A Petrobras anunciou nesta segunda-feira (17) um marco importante para o setor energético brasileiro: a descoberta de indícios de petróleo no poço Morpho, situado no bloco BM-FZA-59. A estrutura está localizada em águas profundas na costa do Amapá, uma região que concentra as maiores expectativas da estatal para a renovação de suas reservas nacionais nos próximos anos.
A presidente da Petrobras, Magda Chambriard, detalhou que a perfuração atingiu cerca de 3 mil metros de profundidade em lâmina d’água, somados a outros 3 mil metros em rocha. A operação, realizada a aproximadamente 175 quilômetros da costa amapaense e a 500 quilômetros da Foz do Amazonas, ainda exige a perfuração de mais 1 mil metros para a conclusão da fase atual, prevista para ocorrer nos próximos 15 a 20 dias.
Investimento e tecnologia na fronteira exploratória
A exploração na Margem Equatorial representa um desafio técnico e financeiro de grande escala. Desde agosto do ano passado, a Petrobras destinou cerca de US$ 3 bilhões para a campanha exploratória na região. O custo operacional diário para manter as atividades em alto-mar gira em torno de US$ 1 milhão, refletindo a complexidade de operar em uma lâmina d’água de 2.886 metros.
Durante visita ao Oiapoque, Magda Chambriard destacou que o resultado é fruto de anos de pesquisa e tecnologia embarcada. Embora a descoberta confirme o potencial geológico da área, a estatal mantém cautela técnica. A confirmação de uma reserva comercialmente viável depende de estudos posteriores que avaliarão o volume total, a qualidade do óleo e a viabilidade econômica da extração em larga escala.

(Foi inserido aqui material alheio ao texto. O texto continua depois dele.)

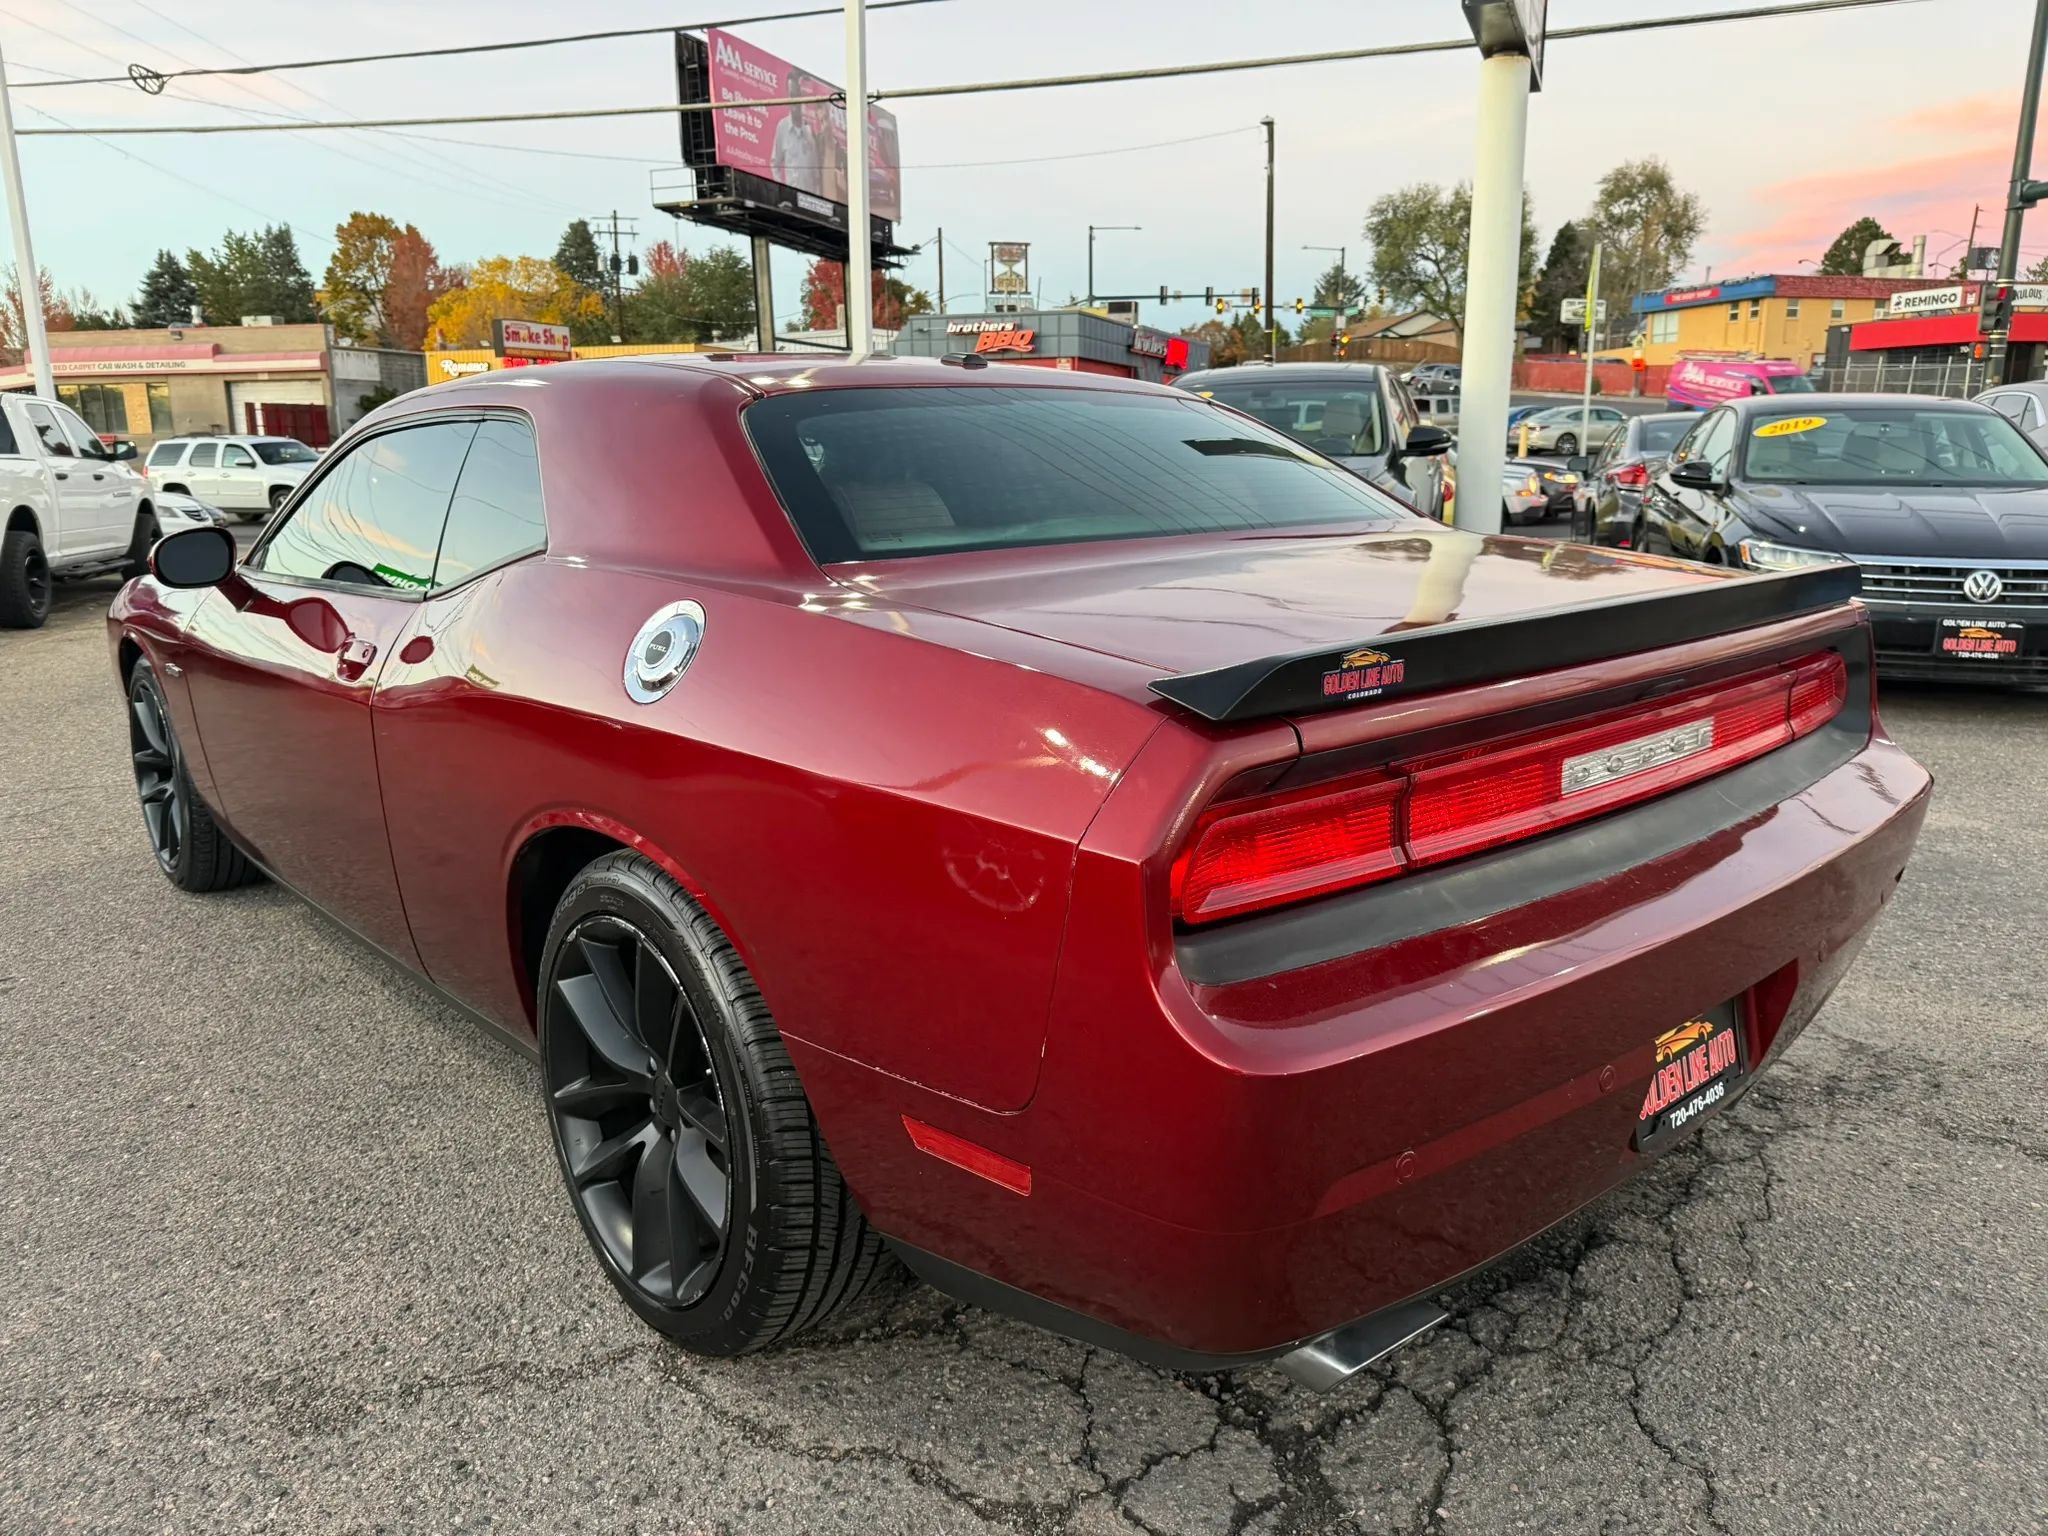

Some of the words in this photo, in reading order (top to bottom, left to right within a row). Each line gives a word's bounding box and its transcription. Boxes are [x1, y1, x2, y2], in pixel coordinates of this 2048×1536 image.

Perspectivas para a produção nacional
A Petrobras, que detém 100% de participação no bloco BM-FZA-59 — adquirido na 11ª Rodada de Licitações da ANP em 2013 —, vê na região uma oportunidade estratégica. A recomposição das reservas é vista como um pilar para a sustentabilidade da empresa a longo prazo. Novos pedidos de licenciamento para perfurações adicionais já foram protocolados junto ao Ibama, sinalizando que a estatal pretende intensificar sua presença na Margem Equatorial.
O presidente Luiz Inácio Lula da Silva, que acompanhou a agenda no Amapá, reforçou que a exploração de petróleo não entra em conflito com a agenda ambiental do governo. Segundo o mandatário, o Brasil seguirá investindo na transição energética e na liderança global em biocombustíveis, tratando a exploração de petróleo como um complemento necessário para o desenvolvimento econômico e a segurança energética do país.